>>>>

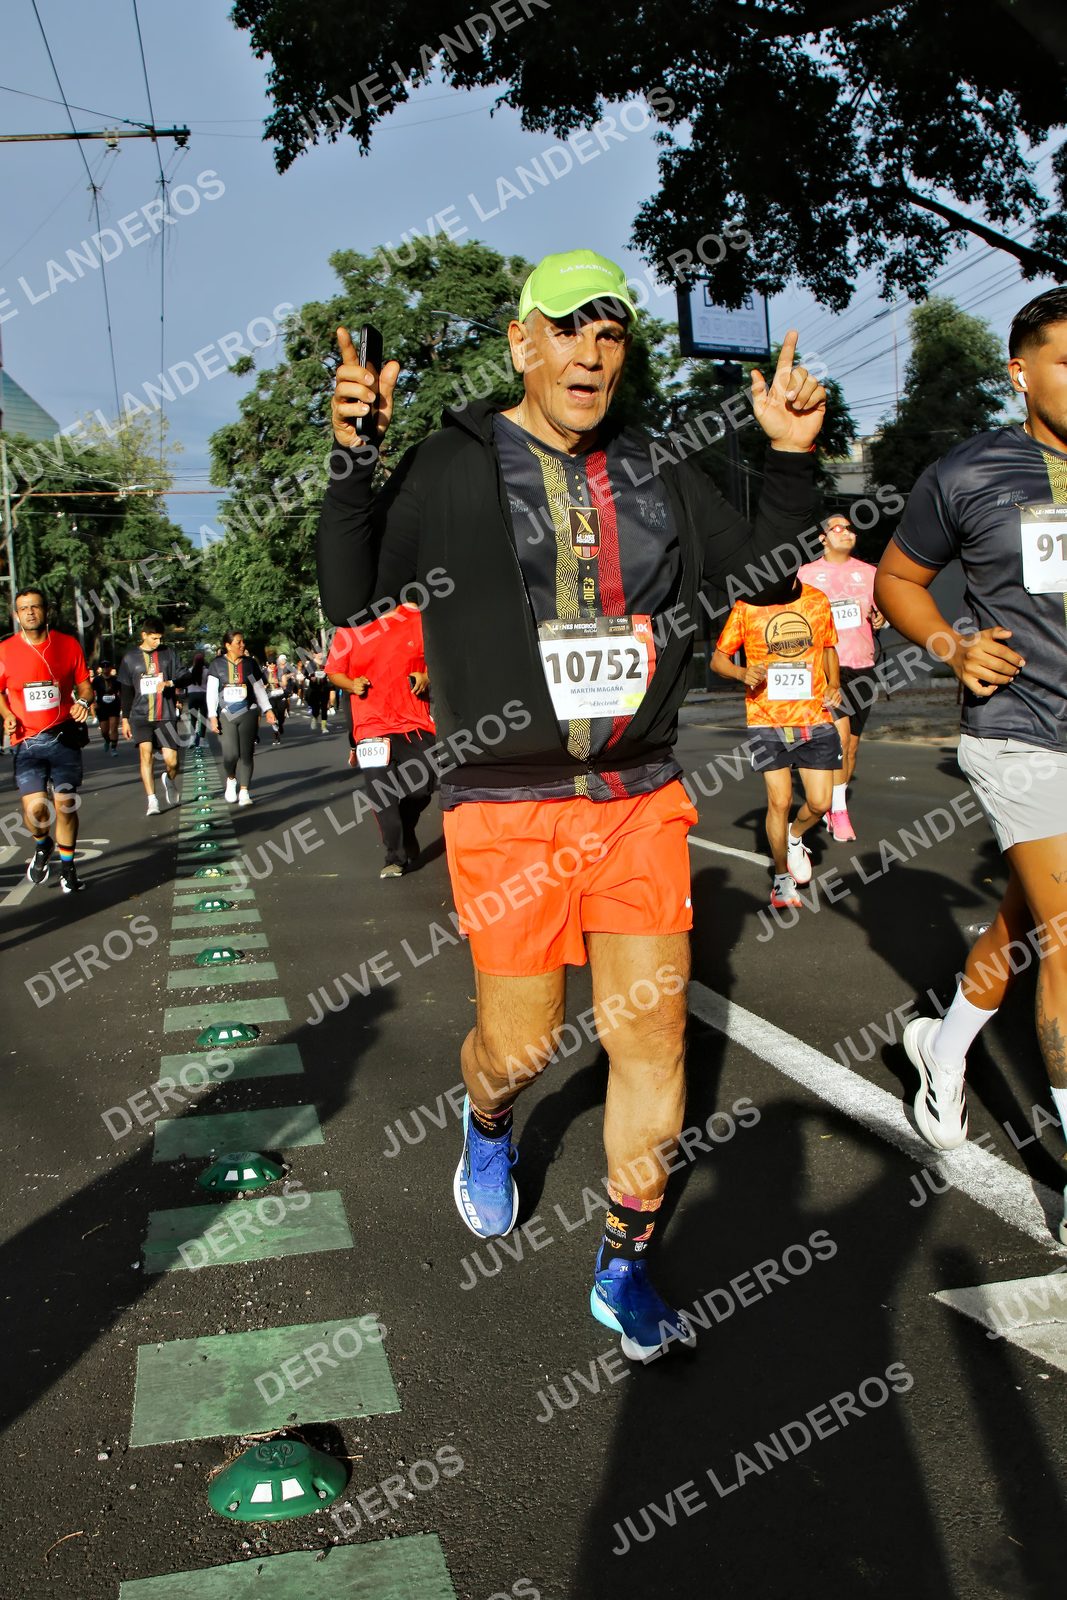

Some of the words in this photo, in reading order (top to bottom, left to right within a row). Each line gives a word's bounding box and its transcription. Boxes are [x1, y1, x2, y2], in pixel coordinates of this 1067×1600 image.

[836, 607, 858, 619] 1263
[545, 647, 642, 684] 10752
[774, 673, 805, 686] 9275
[29, 690, 54, 701] 8236
[358, 746, 385, 757] 10850

<<<<

• [EXERCISE] Only the pictures are to be excluded; all other parts of the records above are to be given exactly.

• [COMPLETED TASK]
Some of the words in this photo, in reading order (top to bottom, left to right within a row). Each line gives a word's bounding box and its transcription. Boxes are [x1, y1, x2, y2], in pixel coordinates of this 1067×1600 image.

[836, 607, 858, 619] 1263
[545, 647, 642, 684] 10752
[774, 673, 805, 686] 9275
[29, 690, 54, 701] 8236
[358, 746, 385, 757] 10850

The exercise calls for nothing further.